(Annotated photo localization data)

**********

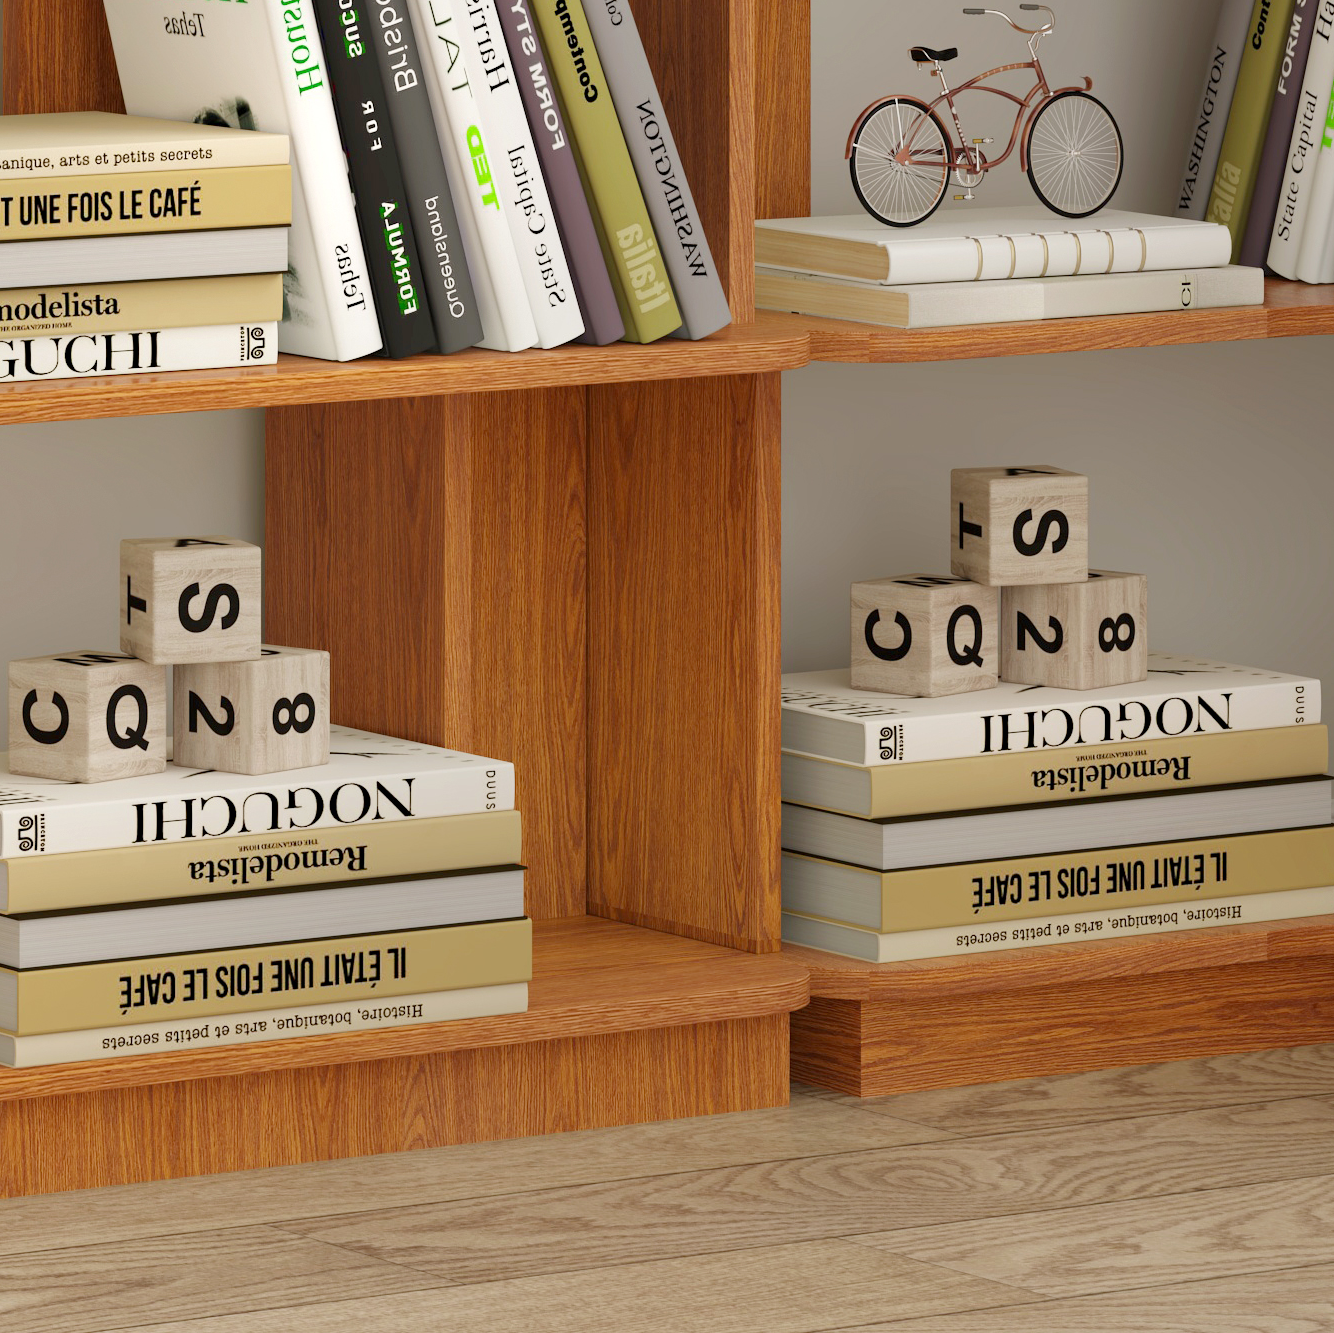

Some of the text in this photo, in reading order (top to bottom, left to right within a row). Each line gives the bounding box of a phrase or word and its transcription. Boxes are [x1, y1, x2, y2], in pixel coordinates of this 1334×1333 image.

[1277, 13, 1303, 95] FORM
[1178, 45, 1227, 210] WASHINGTON
[59, 154, 90, 167] arts
[94, 152, 109, 165] et
[113, 150, 155, 167] petits
[160, 147, 213, 162] secrets
[19, 194, 61, 226] UNE
[67, 191, 113, 223] FOIS
[119, 189, 143, 220] LE
[149, 180, 202, 219] CAFÉ
[1012, 508, 1069, 557] S
[178, 582, 240, 633] S
[1016, 610, 1064, 654] 2
[864, 608, 913, 662] C
[946, 604, 984, 668] Q
[1098, 612, 1136, 654] 8
[22, 688, 70, 745] C
[105, 684, 150, 752] Q
[188, 690, 235, 737] 2
[272, 692, 316, 735] 8
[979, 693, 1234, 754] NOGUCHI
[1031, 755, 1191, 793] Remodelista
[131, 778, 417, 844] NOGUCHI
[187, 843, 369, 885] Remodelista
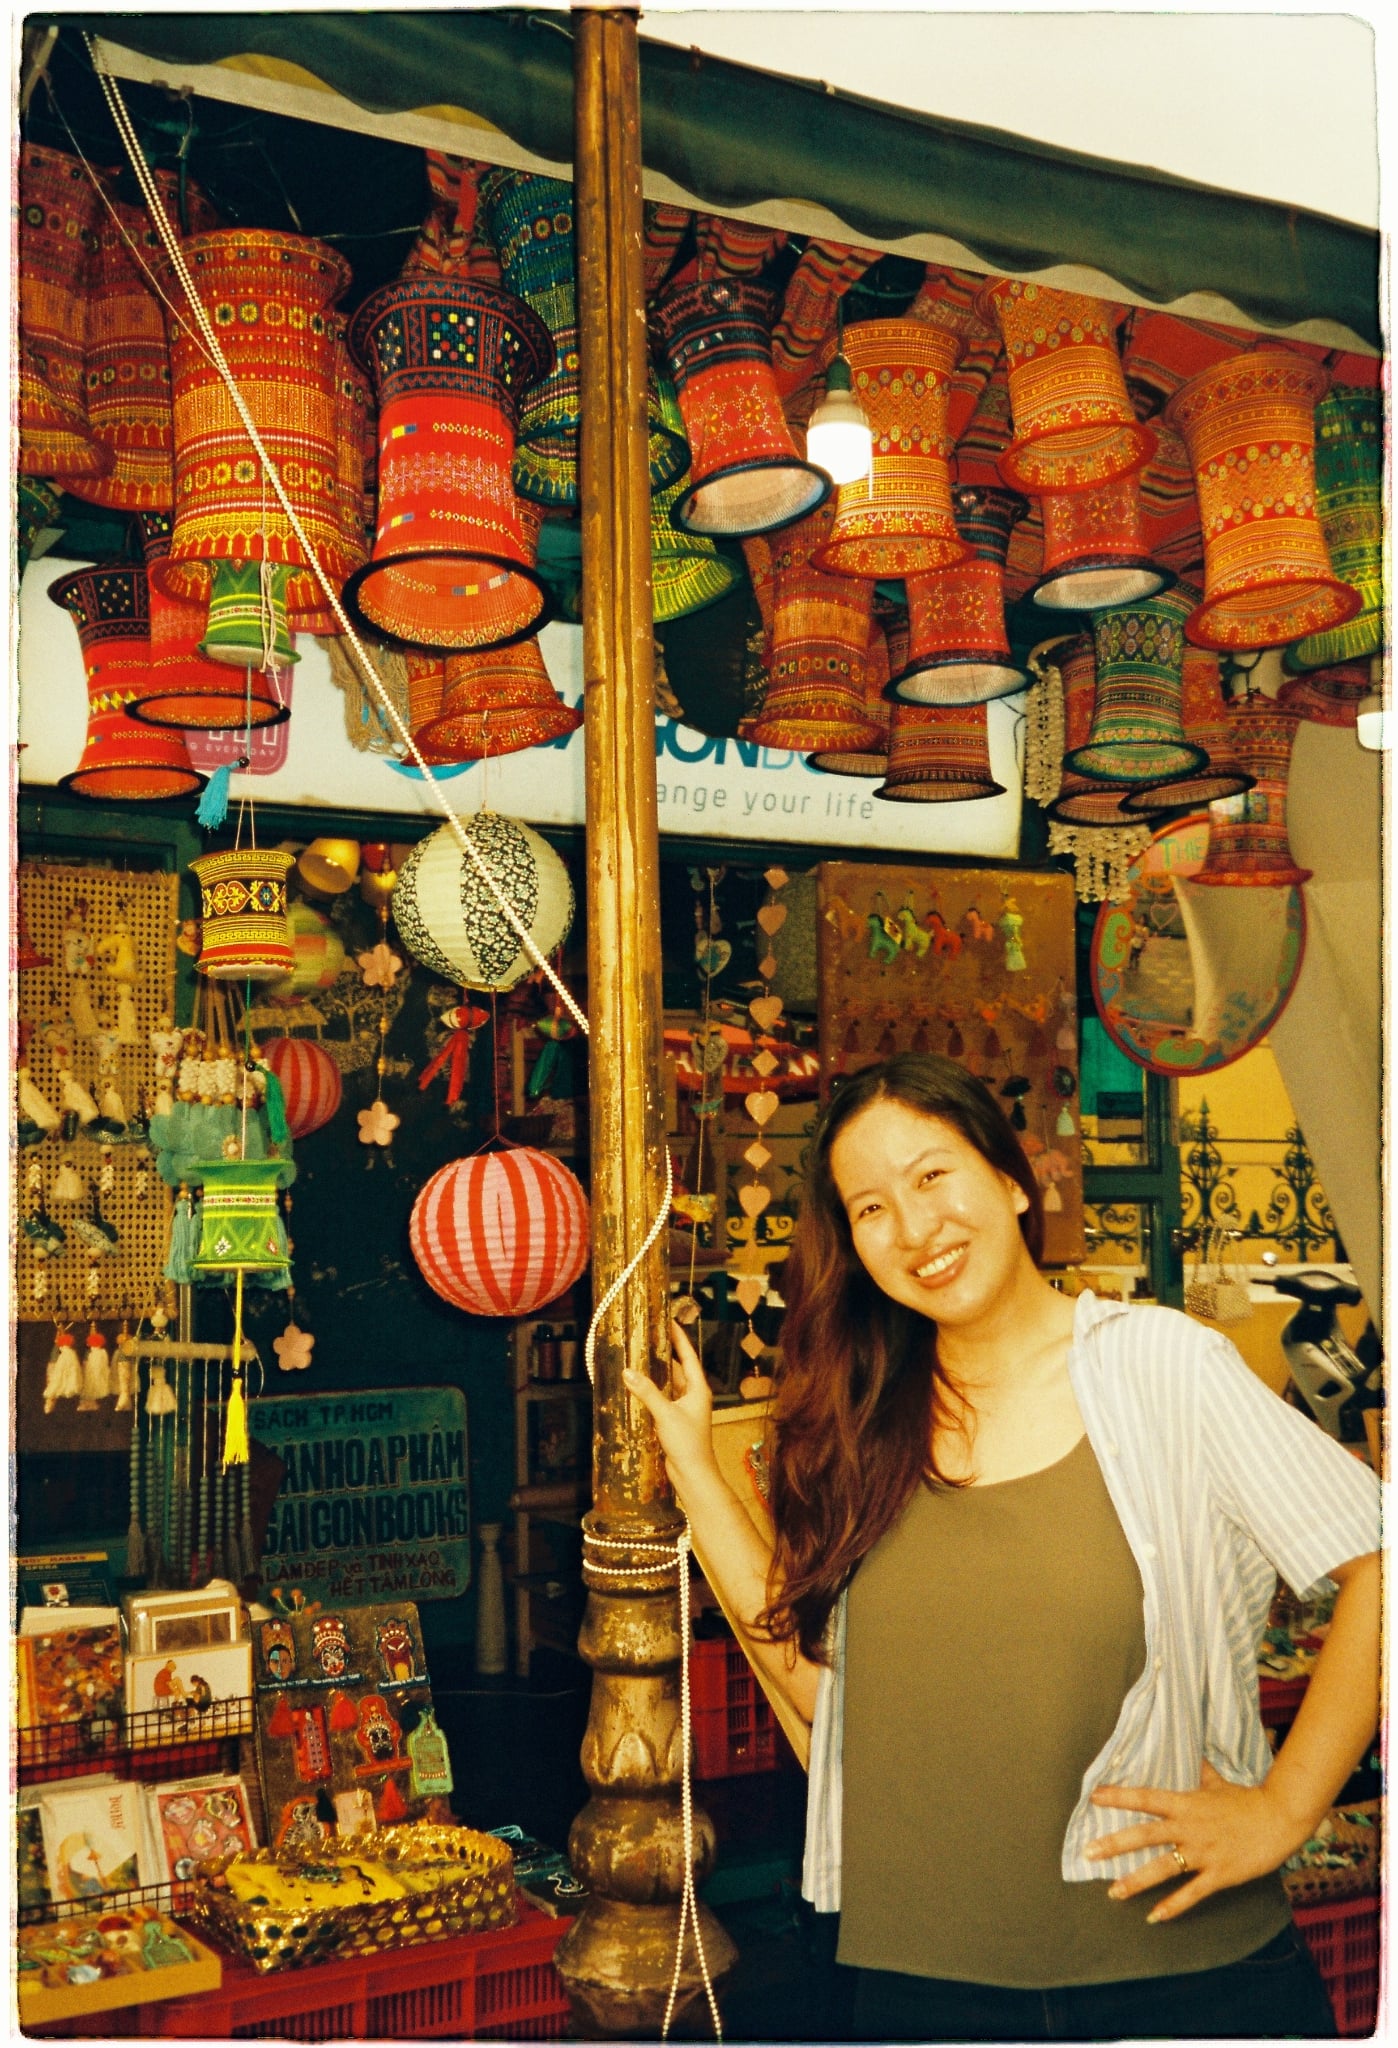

**********

■ Task goal: Here the job is to print all the data exactly, skipping any image.

■ Your solution:
Some of the text in this photo, in reading order (top to bottom, left to right within a row). Each line gives the bounding box of a phrase or word and its transcription. Boxes are [x1, y1, x2, y2], in pixel coordinates of this 1334×1333 image.

[1277, 13, 1303, 95] FORM
[1178, 45, 1227, 210] WASHINGTON
[59, 154, 90, 167] arts
[94, 152, 109, 165] et
[113, 150, 155, 167] petits
[160, 147, 213, 162] secrets
[19, 194, 61, 226] UNE
[67, 191, 113, 223] FOIS
[119, 189, 143, 220] LE
[149, 180, 202, 219] CAFÉ
[1012, 508, 1069, 557] S
[178, 582, 240, 633] S
[1016, 610, 1064, 654] 2
[864, 608, 913, 662] C
[946, 604, 984, 668] Q
[1098, 612, 1136, 654] 8
[22, 688, 70, 745] C
[105, 684, 150, 752] Q
[188, 690, 235, 737] 2
[272, 692, 316, 735] 8
[979, 693, 1234, 754] NOGUCHI
[1031, 755, 1191, 793] Remodelista
[131, 778, 417, 844] NOGUCHI
[187, 843, 369, 885] Remodelista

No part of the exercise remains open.